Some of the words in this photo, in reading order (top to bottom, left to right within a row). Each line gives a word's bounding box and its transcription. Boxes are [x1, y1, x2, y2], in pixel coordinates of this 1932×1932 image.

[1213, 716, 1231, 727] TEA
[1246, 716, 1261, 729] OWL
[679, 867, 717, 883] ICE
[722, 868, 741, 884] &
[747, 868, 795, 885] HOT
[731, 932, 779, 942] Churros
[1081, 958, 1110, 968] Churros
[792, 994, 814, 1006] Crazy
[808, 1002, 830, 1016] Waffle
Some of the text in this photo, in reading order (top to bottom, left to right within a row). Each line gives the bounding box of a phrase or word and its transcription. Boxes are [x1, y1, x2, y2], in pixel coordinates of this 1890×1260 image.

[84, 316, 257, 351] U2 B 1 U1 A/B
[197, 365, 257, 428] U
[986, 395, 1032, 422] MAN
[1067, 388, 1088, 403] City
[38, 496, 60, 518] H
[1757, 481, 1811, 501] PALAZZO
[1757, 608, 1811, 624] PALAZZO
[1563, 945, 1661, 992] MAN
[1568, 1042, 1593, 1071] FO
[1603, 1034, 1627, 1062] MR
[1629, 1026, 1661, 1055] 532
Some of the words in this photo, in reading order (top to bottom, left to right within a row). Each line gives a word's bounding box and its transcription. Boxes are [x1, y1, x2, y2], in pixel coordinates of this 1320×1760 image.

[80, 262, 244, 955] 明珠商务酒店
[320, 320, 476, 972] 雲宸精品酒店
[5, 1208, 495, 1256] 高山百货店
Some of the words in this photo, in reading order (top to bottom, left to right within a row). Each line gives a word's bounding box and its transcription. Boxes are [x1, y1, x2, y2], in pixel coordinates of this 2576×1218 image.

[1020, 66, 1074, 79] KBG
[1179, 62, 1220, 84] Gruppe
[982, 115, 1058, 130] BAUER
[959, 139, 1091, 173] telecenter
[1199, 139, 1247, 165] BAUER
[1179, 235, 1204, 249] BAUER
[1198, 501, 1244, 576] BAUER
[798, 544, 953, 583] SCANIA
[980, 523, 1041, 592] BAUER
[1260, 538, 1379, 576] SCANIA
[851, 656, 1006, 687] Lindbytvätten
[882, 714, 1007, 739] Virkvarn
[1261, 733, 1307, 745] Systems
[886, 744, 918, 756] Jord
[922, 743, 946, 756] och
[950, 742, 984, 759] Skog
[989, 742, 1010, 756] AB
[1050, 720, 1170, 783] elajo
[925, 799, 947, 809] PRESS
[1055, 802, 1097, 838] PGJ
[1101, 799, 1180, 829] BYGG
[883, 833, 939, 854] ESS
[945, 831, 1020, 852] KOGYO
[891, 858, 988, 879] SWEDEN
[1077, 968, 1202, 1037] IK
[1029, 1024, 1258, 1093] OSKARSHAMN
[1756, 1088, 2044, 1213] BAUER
* * * * *
● **Exercise prompt**: Only these lines should appear in the reply: the one containing "this 1320×1760 image.", the last line of the data, and all lines between them, each copied exactly.

● **Written reply**:
Some of the words in this photo, in reading order (top to bottom, left to right within a row). Each line gives a word's bounding box and its transcription. Boxes are [x1, y1, x2, y2], in pixel coordinates of this 1320×1760 image.

[80, 262, 244, 955] 明珠商务酒店
[320, 320, 476, 972] 雲宸精品酒店
[5, 1208, 495, 1256] 高山百货店
Some of the words in this photo, in reading order (top to bottom, left to right within a row). Each line gives a word's bounding box and its transcription. Boxes are [x1, y1, x2, y2], in pixel coordinates of this 2576×1218 image.

[1020, 66, 1074, 79] KBG
[1179, 62, 1220, 84] Gruppe
[982, 115, 1058, 130] BAUER
[959, 139, 1091, 173] telecenter
[1199, 139, 1247, 165] BAUER
[1179, 235, 1204, 249] BAUER
[1198, 501, 1244, 576] BAUER
[798, 544, 953, 583] SCANIA
[980, 523, 1041, 592] BAUER
[1260, 538, 1379, 576] SCANIA
[851, 656, 1006, 687] Lindbytvätten
[882, 714, 1007, 739] Virkvarn
[1261, 733, 1307, 745] Systems
[886, 744, 918, 756] Jord
[922, 743, 946, 756] och
[950, 742, 984, 759] Skog
[989, 742, 1010, 756] AB
[1050, 720, 1170, 783] elajo
[925, 799, 947, 809] PRESS
[1055, 802, 1097, 838] PGJ
[1101, 799, 1180, 829] BYGG
[883, 833, 939, 854] ESS
[945, 831, 1020, 852] KOGYO
[891, 858, 988, 879] SWEDEN
[1077, 968, 1202, 1037] IK
[1029, 1024, 1258, 1093] OSKARSHAMN
[1756, 1088, 2044, 1213] BAUER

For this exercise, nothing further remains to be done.